:: INPUT DATA
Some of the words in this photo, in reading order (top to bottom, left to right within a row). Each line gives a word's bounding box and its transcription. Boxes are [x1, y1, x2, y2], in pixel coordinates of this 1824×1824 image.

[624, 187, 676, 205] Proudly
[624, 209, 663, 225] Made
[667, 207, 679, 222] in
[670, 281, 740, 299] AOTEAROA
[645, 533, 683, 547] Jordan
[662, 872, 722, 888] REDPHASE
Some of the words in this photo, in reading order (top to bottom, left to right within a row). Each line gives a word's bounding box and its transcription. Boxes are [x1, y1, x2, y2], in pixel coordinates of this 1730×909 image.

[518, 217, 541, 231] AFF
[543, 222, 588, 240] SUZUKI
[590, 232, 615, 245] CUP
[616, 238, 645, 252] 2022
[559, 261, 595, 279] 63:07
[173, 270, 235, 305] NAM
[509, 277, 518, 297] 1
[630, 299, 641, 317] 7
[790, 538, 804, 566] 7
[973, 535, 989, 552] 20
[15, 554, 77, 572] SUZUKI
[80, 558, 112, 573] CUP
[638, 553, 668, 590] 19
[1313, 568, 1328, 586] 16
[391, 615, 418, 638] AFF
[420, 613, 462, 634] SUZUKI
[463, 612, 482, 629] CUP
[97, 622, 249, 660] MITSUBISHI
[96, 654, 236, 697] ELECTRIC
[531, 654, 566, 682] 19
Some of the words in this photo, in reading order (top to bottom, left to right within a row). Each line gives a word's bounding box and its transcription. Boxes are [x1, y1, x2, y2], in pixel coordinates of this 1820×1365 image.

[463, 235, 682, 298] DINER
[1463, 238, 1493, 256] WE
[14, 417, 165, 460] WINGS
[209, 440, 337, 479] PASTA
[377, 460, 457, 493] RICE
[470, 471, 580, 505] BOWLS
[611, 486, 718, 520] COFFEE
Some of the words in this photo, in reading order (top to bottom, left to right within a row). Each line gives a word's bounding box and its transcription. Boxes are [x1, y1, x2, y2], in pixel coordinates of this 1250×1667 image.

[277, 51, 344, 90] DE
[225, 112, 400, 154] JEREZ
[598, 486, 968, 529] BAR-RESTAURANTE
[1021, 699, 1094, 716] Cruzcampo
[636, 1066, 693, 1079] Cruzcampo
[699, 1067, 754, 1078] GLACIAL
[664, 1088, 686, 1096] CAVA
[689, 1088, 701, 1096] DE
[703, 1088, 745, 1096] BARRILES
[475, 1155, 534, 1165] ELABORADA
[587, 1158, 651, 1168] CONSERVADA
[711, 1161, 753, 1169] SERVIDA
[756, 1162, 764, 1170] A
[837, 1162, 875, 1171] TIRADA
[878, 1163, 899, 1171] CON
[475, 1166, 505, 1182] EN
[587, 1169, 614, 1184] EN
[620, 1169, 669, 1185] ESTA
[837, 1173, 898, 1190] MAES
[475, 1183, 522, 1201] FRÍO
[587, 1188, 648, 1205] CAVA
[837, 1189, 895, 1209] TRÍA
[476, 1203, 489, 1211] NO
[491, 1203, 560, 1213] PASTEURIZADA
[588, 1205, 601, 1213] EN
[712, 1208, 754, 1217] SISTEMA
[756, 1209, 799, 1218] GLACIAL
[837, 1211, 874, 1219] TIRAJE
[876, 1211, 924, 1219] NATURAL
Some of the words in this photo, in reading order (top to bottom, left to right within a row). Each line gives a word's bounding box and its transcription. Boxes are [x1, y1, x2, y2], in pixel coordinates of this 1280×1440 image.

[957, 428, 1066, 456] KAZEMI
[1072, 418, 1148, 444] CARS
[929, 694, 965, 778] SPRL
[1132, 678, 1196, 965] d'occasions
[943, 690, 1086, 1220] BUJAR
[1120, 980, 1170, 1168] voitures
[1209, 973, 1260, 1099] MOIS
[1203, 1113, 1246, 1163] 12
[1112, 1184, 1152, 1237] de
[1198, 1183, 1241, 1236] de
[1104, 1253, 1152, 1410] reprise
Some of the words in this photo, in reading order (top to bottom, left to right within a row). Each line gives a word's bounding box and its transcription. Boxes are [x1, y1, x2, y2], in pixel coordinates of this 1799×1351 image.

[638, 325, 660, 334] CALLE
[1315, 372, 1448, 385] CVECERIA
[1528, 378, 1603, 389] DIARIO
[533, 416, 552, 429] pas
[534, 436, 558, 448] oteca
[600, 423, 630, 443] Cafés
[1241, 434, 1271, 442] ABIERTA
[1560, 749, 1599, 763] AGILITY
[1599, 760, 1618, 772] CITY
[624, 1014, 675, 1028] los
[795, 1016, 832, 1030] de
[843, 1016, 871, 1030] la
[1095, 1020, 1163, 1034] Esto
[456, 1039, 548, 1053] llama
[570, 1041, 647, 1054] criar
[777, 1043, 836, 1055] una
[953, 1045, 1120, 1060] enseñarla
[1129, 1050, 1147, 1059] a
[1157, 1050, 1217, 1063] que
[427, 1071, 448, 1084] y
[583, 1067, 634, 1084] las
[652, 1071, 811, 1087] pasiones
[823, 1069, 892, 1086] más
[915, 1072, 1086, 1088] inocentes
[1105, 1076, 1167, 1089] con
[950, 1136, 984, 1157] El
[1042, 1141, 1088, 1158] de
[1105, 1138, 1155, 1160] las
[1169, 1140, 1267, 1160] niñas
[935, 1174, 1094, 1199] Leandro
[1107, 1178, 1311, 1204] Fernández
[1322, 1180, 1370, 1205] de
::::
* _EXERCISE_
Print out the whole listing exactly as it appears.

* _RESULT FOR THIS EXERCISE_
Some of the words in this photo, in reading order (top to bottom, left to right within a row). Each line gives a word's bounding box and its transcription. Boxes are [x1, y1, x2, y2], in pixel coordinates of this 1824×1824 image.

[624, 187, 676, 205] Proudly
[624, 209, 663, 225] Made
[667, 207, 679, 222] in
[670, 281, 740, 299] AOTEAROA
[645, 533, 683, 547] Jordan
[662, 872, 722, 888] REDPHASE
Some of the words in this photo, in reading order (top to bottom, left to right within a row). Each line gives a word's bounding box and its transcription. Boxes are [x1, y1, x2, y2], in pixel coordinates of this 1730×909 image.

[518, 217, 541, 231] AFF
[543, 222, 588, 240] SUZUKI
[590, 232, 615, 245] CUP
[616, 238, 645, 252] 2022
[559, 261, 595, 279] 63:07
[173, 270, 235, 305] NAM
[509, 277, 518, 297] 1
[630, 299, 641, 317] 7
[790, 538, 804, 566] 7
[973, 535, 989, 552] 20
[15, 554, 77, 572] SUZUKI
[80, 558, 112, 573] CUP
[638, 553, 668, 590] 19
[1313, 568, 1328, 586] 16
[391, 615, 418, 638] AFF
[420, 613, 462, 634] SUZUKI
[463, 612, 482, 629] CUP
[97, 622, 249, 660] MITSUBISHI
[96, 654, 236, 697] ELECTRIC
[531, 654, 566, 682] 19
Some of the words in this photo, in reading order (top to bottom, left to right within a row). Each line gives a word's bounding box and its transcription. Boxes are [x1, y1, x2, y2], in pixel coordinates of this 1820×1365 image.

[463, 235, 682, 298] DINER
[1463, 238, 1493, 256] WE
[14, 417, 165, 460] WINGS
[209, 440, 337, 479] PASTA
[377, 460, 457, 493] RICE
[470, 471, 580, 505] BOWLS
[611, 486, 718, 520] COFFEE
Some of the words in this photo, in reading order (top to bottom, left to right within a row). Each line gives a word's bounding box and its transcription. Boxes are [x1, y1, x2, y2], in pixel coordinates of this 1250×1667 image.

[277, 51, 344, 90] DE
[225, 112, 400, 154] JEREZ
[598, 486, 968, 529] BAR-RESTAURANTE
[1021, 699, 1094, 716] Cruzcampo
[636, 1066, 693, 1079] Cruzcampo
[699, 1067, 754, 1078] GLACIAL
[664, 1088, 686, 1096] CAVA
[689, 1088, 701, 1096] DE
[703, 1088, 745, 1096] BARRILES
[475, 1155, 534, 1165] ELABORADA
[587, 1158, 651, 1168] CONSERVADA
[711, 1161, 753, 1169] SERVIDA
[756, 1162, 764, 1170] A
[837, 1162, 875, 1171] TIRADA
[878, 1163, 899, 1171] CON
[475, 1166, 505, 1182] EN
[587, 1169, 614, 1184] EN
[620, 1169, 669, 1185] ESTA
[837, 1173, 898, 1190] MAES
[475, 1183, 522, 1201] FRÍO
[587, 1188, 648, 1205] CAVA
[837, 1189, 895, 1209] TRÍA
[476, 1203, 489, 1211] NO
[491, 1203, 560, 1213] PASTEURIZADA
[588, 1205, 601, 1213] EN
[712, 1208, 754, 1217] SISTEMA
[756, 1209, 799, 1218] GLACIAL
[837, 1211, 874, 1219] TIRAJE
[876, 1211, 924, 1219] NATURAL
Some of the words in this photo, in reading order (top to bottom, left to right within a row). Each line gives a word's bounding box and its transcription. Boxes are [x1, y1, x2, y2], in pixel coordinates of this 1280×1440 image.

[957, 428, 1066, 456] KAZEMI
[1072, 418, 1148, 444] CARS
[929, 694, 965, 778] SPRL
[1132, 678, 1196, 965] d'occasions
[943, 690, 1086, 1220] BUJAR
[1120, 980, 1170, 1168] voitures
[1209, 973, 1260, 1099] MOIS
[1203, 1113, 1246, 1163] 12
[1112, 1184, 1152, 1237] de
[1198, 1183, 1241, 1236] de
[1104, 1253, 1152, 1410] reprise
Some of the words in this photo, in reading order (top to bottom, left to right within a row). Each line gives a word's bounding box and its transcription. Boxes are [x1, y1, x2, y2], in pixel coordinates of this 1799×1351 image.

[638, 325, 660, 334] CALLE
[1315, 372, 1448, 385] CVECERIA
[1528, 378, 1603, 389] DIARIO
[533, 416, 552, 429] pas
[534, 436, 558, 448] oteca
[600, 423, 630, 443] Cafés
[1241, 434, 1271, 442] ABIERTA
[1560, 749, 1599, 763] AGILITY
[1599, 760, 1618, 772] CITY
[624, 1014, 675, 1028] los
[795, 1016, 832, 1030] de
[843, 1016, 871, 1030] la
[1095, 1020, 1163, 1034] Esto
[456, 1039, 548, 1053] llama
[570, 1041, 647, 1054] criar
[777, 1043, 836, 1055] una
[953, 1045, 1120, 1060] enseñarla
[1129, 1050, 1147, 1059] a
[1157, 1050, 1217, 1063] que
[427, 1071, 448, 1084] y
[583, 1067, 634, 1084] las
[652, 1071, 811, 1087] pasiones
[823, 1069, 892, 1086] más
[915, 1072, 1086, 1088] inocentes
[1105, 1076, 1167, 1089] con
[950, 1136, 984, 1157] El
[1042, 1141, 1088, 1158] de
[1105, 1138, 1155, 1160] las
[1169, 1140, 1267, 1160] niñas
[935, 1174, 1094, 1199] Leandro
[1107, 1178, 1311, 1204] Fernández
[1322, 1180, 1370, 1205] de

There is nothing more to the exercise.